【最新公開シネマ批評】
映画ライター斎藤香が現在公開中の映画のなかから、オススメ作品をひとつ厳選して、ネタバレありの本音レビューをします。

今回ピックアップするのはディズニー映画最新作『ラーヤと龍の王国』(2021年3月5日映画館&ディズニープラスプレミアアクセス同時公開)です。

2021年、ディズニーからニューヒロインが誕生しましたよ。その名もラーヤ!

試写で観させていただきましたが、よかったですよ~! では物語から。

【物語】

龍の王国「クマンドラ」は、聖なる龍に守られ、人間と龍が共存する平和な国でした。そこに邪悪な魔物「ドルーン」が現れ、龍を滅ぼし、多くの人間も犠牲になります。残された人間たちは分断されてしまい、信じる心を失い、憎しみあうことも……。「龍の石」の守護者一族の娘ラーヤは、バラバラになった世界をひとつにしようと伝説の最後の龍「シスー」を探す旅に出ることにするのですが……。

【人を信じられないヒロイン、ラーヤ】

結論から言いますと、さすがディズニー映画、エンタティメント性とメッセージ性がいいバランスで融合した作品で楽しかったです!

壊された王国の復活をかけてヒロインが戦い抜く物語なのですが、彼女は昔のトラウマで人を信じられません。それが物語の枷になっています。

ラーヤと父親は、魔物に破壊されて5つに分断した国を統一しようと各国に働きかけますが、実は5つの国がみんな同じ思いでいるわけではなく……。偉大な力を持つ「龍の石」をめぐる争いの末に石はバラバラになり、魔物が暴れ、大切な国が崩れてしまいます。

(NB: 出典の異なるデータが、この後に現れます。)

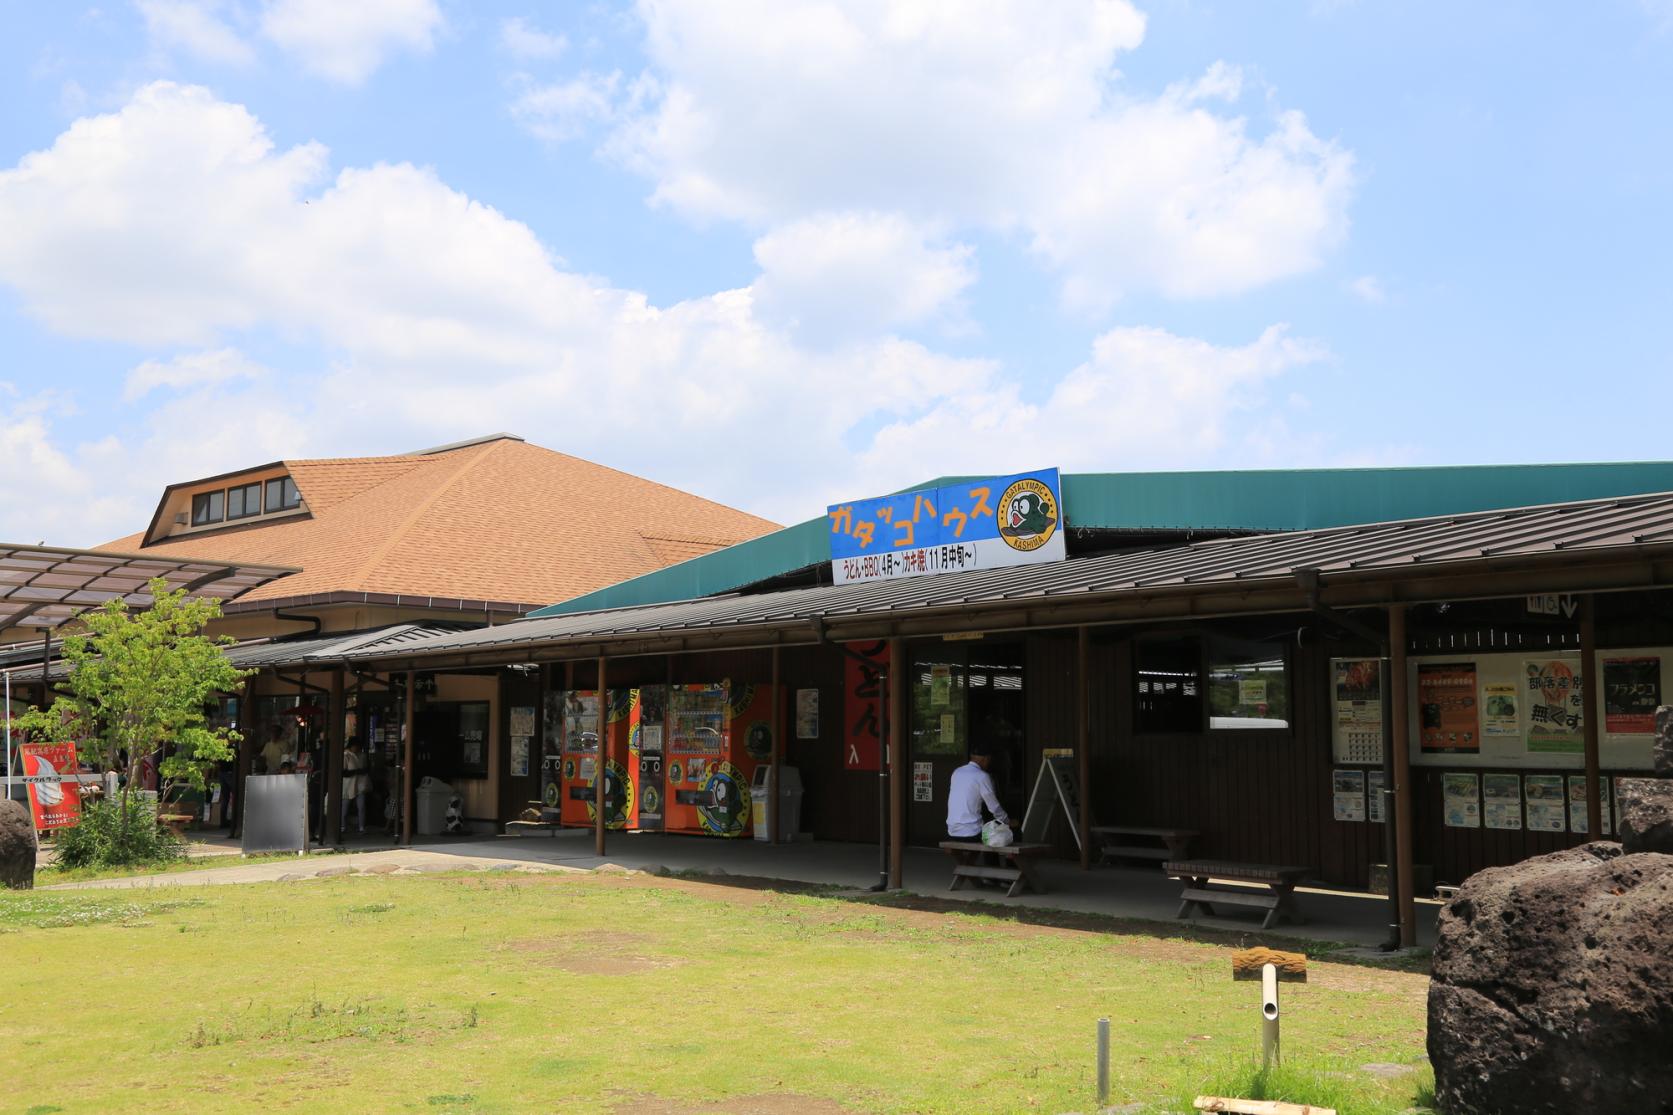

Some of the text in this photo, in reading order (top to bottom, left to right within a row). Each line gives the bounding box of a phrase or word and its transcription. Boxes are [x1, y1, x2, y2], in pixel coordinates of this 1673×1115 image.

そして、ラーヤは人を信じられなくなるのです。「裏切られた。信じた私がバカだったわ!」というわけですね。

【旅の仲間たちが個性豊か!おすすめは赤ちゃん詐欺師のノイ】

とはいえ、ラーヤは基本的に正義の人なので、殺伐とした世界を救い、石にされてしまった国を復活させたいんです。

それには龍の力が必要なので、彼女は龍の生き残りのシスーを目覚めさせます。シスーの復活をきっかけに、シスーと相棒のトゥクトゥク(超かわいい!)と共に分断された国をまわり、仲間を増やし、龍の石を手に入れていきます。

この仲間たちがいいキャラなんですよ。中でも赤ちゃん詐欺師のノイは最高。

3匹の猿みたいな動物オンギを従えて、赤ちゃんの可愛さを武器に泥棒を働く。ものすごい身軽でぴょんぴょんと障害物を乗り越えて逃げてしまうわ、表情豊かで可愛かったり邪悪だったり、ずっと見ていたい面白さ。

ちょっと『ボス・ベイビー』にかぶるけど、ノイのスピンオフを作ってほしいくらい!

【女性の背中を押してくれるディズニー映画】

『ラーヤと龍の王国』は、アジアのエキゾチックワールドが美しく映し出され、アクションもスピード感があり、素晴らしい映像美が続きます。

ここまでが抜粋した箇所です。